PRELIMINARY STUDY ON PREPARATION PROCESS OF HIGH-PERFORMANCE CERAMSITE FROM IRON ORE TAILINGS AND COAL GANGUE

doi: 10.13205/j.hjgc.202406011
  • Received Date: 2023-05-25
    Available Online: 2024-07-11
  • In this study, iron ore tailings and coal gangue were used as raw materials to prepare high-strength and lightweight ceramsite by referring to the methods and equipment of iron ore pelletization in ferrous metallurgy. The influence of pelleting parameters on the properties of the pellet, and the influence of roasting parameters on the properties of ceramsite were investigated, and the structure-function relationship among the phase composition, structure, and performance of the ceramsite was explored.
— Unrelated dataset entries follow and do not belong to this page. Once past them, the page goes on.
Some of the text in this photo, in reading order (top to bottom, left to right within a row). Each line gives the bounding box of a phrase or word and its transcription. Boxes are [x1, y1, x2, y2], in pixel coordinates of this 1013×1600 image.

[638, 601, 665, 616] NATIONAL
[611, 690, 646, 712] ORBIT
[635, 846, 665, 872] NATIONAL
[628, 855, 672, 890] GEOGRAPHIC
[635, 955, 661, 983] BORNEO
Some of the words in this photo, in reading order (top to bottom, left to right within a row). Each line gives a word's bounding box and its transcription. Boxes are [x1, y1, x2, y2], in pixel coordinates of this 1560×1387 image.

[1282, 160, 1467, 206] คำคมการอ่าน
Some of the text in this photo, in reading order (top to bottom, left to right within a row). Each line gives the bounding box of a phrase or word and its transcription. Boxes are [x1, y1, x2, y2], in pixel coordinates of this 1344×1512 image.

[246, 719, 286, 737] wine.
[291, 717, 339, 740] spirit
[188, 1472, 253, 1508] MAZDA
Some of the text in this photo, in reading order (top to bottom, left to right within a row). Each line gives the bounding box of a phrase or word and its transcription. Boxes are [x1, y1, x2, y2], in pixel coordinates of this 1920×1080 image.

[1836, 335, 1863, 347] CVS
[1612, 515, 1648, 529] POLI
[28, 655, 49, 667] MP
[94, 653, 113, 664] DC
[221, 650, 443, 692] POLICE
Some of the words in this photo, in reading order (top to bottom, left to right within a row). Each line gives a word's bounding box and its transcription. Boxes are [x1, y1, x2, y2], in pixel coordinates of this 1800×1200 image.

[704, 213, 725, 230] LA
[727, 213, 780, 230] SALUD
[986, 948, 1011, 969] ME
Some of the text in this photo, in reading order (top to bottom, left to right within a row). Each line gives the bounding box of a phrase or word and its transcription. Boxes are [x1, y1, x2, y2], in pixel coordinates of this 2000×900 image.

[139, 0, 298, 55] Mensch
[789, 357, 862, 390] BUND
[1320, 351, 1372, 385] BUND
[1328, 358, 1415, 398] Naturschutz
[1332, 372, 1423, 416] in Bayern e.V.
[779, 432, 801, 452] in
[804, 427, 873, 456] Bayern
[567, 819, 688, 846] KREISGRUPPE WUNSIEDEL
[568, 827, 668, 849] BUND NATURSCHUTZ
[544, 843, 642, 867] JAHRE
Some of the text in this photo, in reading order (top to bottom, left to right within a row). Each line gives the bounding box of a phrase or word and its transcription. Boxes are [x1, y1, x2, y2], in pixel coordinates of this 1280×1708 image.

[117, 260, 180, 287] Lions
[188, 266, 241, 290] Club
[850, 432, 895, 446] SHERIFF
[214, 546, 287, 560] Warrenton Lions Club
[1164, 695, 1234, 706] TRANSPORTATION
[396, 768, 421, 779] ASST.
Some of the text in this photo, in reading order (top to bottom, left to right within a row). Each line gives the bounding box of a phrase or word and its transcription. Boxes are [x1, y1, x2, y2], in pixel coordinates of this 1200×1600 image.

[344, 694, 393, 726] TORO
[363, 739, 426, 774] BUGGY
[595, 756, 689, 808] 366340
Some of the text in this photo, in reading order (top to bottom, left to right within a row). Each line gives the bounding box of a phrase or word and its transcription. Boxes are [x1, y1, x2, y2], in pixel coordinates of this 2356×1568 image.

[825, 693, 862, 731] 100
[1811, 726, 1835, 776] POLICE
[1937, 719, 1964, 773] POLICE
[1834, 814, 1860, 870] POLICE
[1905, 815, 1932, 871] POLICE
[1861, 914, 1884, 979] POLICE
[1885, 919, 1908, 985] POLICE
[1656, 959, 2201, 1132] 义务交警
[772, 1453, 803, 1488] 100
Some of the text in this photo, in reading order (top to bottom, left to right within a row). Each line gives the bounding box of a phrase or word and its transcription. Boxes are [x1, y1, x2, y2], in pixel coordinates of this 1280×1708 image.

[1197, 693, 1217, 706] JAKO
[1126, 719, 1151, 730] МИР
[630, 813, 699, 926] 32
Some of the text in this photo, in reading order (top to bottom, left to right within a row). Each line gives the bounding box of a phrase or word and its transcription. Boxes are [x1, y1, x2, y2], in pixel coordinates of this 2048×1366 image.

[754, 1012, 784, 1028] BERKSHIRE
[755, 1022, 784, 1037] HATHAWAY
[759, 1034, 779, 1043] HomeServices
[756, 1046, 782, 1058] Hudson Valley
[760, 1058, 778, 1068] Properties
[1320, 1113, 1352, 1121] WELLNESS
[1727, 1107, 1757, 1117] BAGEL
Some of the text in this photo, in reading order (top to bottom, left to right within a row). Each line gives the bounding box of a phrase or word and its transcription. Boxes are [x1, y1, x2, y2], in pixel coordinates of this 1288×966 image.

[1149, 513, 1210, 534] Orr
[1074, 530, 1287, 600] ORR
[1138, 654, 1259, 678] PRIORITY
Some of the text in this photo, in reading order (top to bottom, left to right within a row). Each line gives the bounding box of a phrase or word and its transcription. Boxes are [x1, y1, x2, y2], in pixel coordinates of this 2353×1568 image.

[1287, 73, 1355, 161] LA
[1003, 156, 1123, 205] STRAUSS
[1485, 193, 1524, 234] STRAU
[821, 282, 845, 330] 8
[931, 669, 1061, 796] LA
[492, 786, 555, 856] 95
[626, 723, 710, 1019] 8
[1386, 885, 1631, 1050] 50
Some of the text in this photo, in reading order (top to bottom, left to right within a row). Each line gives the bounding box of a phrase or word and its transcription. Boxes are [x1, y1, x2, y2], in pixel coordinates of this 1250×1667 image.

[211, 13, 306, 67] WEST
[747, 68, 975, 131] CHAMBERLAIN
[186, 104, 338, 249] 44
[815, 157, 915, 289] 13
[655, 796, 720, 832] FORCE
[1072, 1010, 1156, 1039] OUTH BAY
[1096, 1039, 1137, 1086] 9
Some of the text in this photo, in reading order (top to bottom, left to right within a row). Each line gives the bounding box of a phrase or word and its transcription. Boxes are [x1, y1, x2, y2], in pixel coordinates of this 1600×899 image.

The results showed that the composition structure of 45% iron ore tailings and 55% coal gangue was calculated based on Riley’s three-phase diagram, and the green pellet was prepared under the conditions of 60% of particle size below 0.074 mm, 8 min pelletizing duration, and 10.5% moisture. After drying, the dried pellet was roasted at 1175 ℃ for 25 min to prepare ceramsite. The bulk density, apparent density, 1 h water absorption, and cylinder compressive strength was 859 kg/m3, 1705 kg/m3, 8.0%, and 6.7 MPa, which meet the requirements of various indexes of high-strength and light-weight ceramsite. The main phases of the ceramsite are quartz, feldspar, and hematite, which can provide strength for ceramsite. The well-developed pores in the ceramsite are beneficial to reducing bulk density, and apparent density, but the over-developed pores of the outer layer harm the cylinder compression strength.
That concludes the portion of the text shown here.